╭──
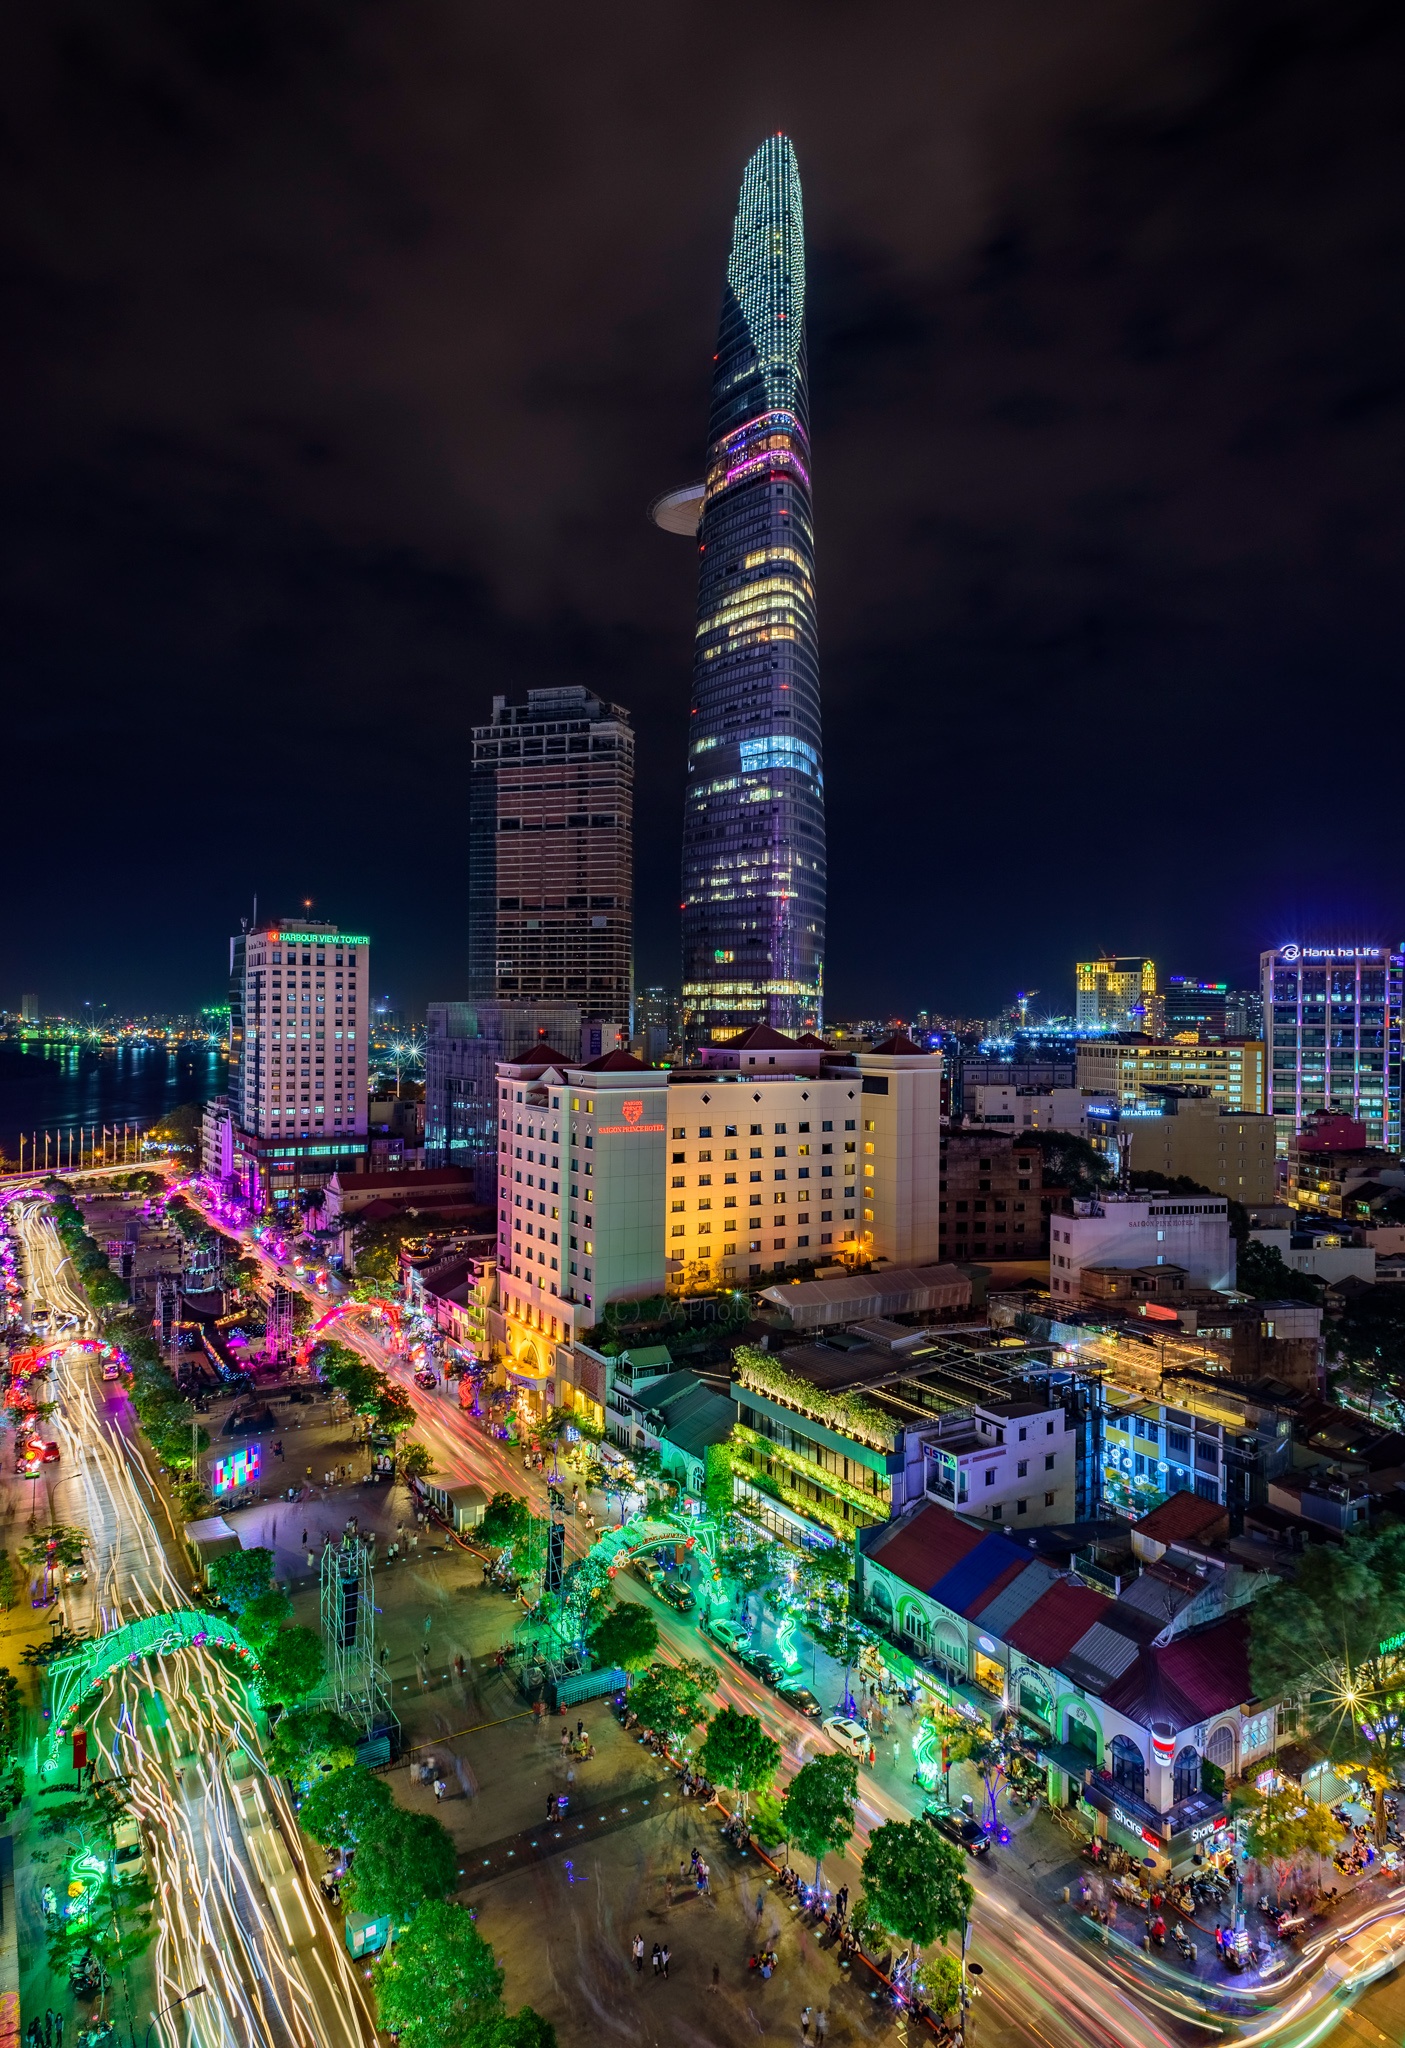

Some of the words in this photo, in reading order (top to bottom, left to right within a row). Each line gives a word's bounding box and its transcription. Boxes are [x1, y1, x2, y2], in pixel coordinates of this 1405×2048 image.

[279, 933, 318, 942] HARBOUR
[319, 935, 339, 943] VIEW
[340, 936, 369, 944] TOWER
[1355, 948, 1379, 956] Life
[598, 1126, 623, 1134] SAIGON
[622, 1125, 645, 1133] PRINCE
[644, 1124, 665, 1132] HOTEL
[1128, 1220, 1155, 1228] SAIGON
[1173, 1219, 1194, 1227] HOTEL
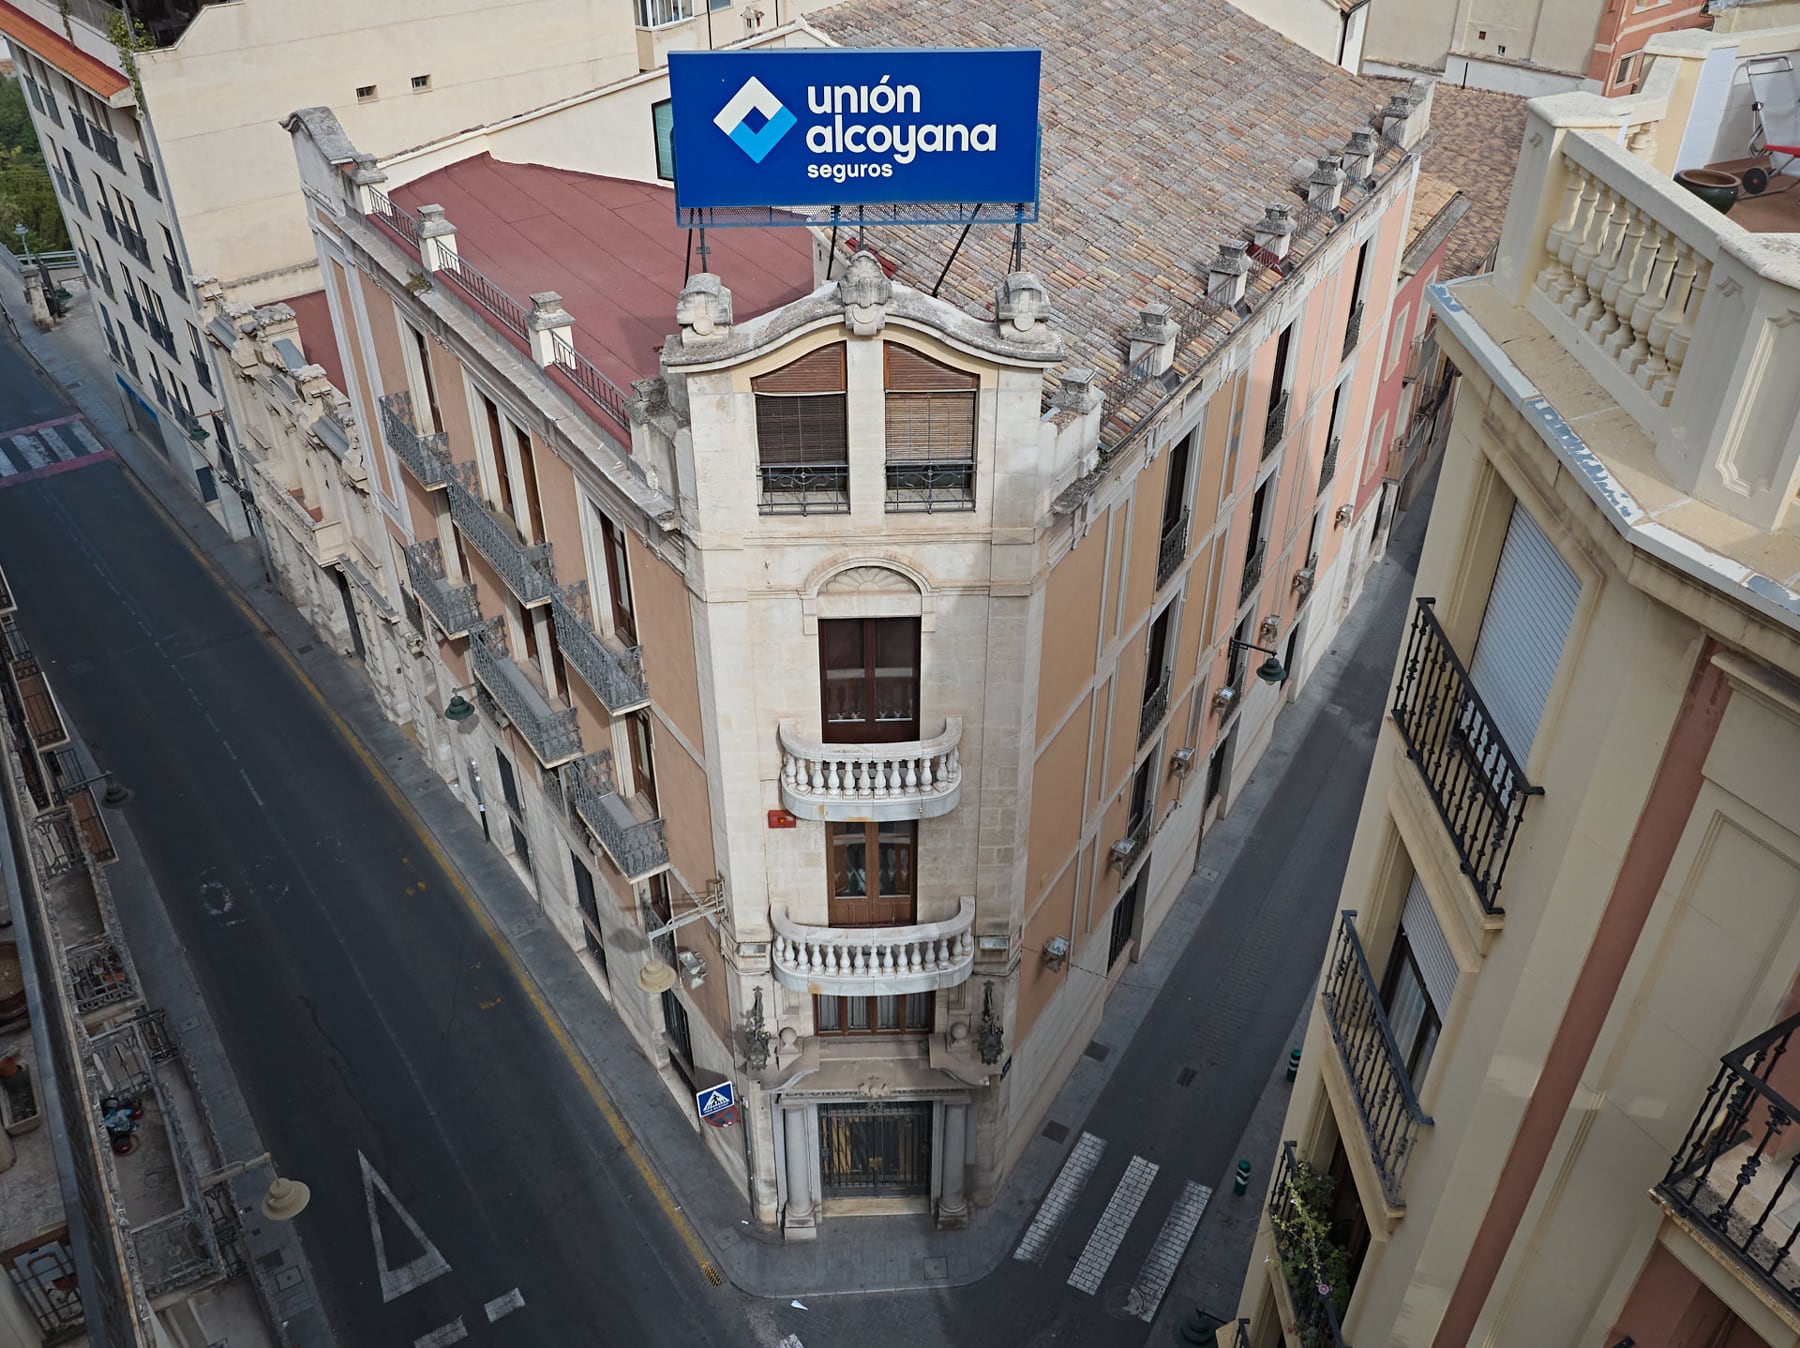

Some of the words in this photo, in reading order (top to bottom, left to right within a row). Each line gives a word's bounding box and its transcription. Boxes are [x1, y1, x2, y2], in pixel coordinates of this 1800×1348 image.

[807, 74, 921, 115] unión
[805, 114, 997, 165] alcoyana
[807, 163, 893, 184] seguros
╰──
**PROBLEM TO SOLVE**.
Set down all records verbatim, omitting images.

**RESPONSE AREA**.
Some of the words in this photo, in reading order (top to bottom, left to right within a row). Each line gives a word's bounding box and its transcription. Boxes are [x1, y1, x2, y2], in pixel coordinates of this 1405×2048 image.

[279, 933, 318, 942] HARBOUR
[319, 935, 339, 943] VIEW
[340, 936, 369, 944] TOWER
[1355, 948, 1379, 956] Life
[598, 1126, 623, 1134] SAIGON
[622, 1125, 645, 1133] PRINCE
[644, 1124, 665, 1132] HOTEL
[1128, 1220, 1155, 1228] SAIGON
[1173, 1219, 1194, 1227] HOTEL

Some of the words in this photo, in reading order (top to bottom, left to right within a row). Each line gives a word's bounding box and its transcription. Boxes are [x1, y1, x2, y2], in pixel coordinates of this 1800×1348 image.

[807, 74, 921, 115] unión
[805, 114, 997, 165] alcoyana
[807, 163, 893, 184] seguros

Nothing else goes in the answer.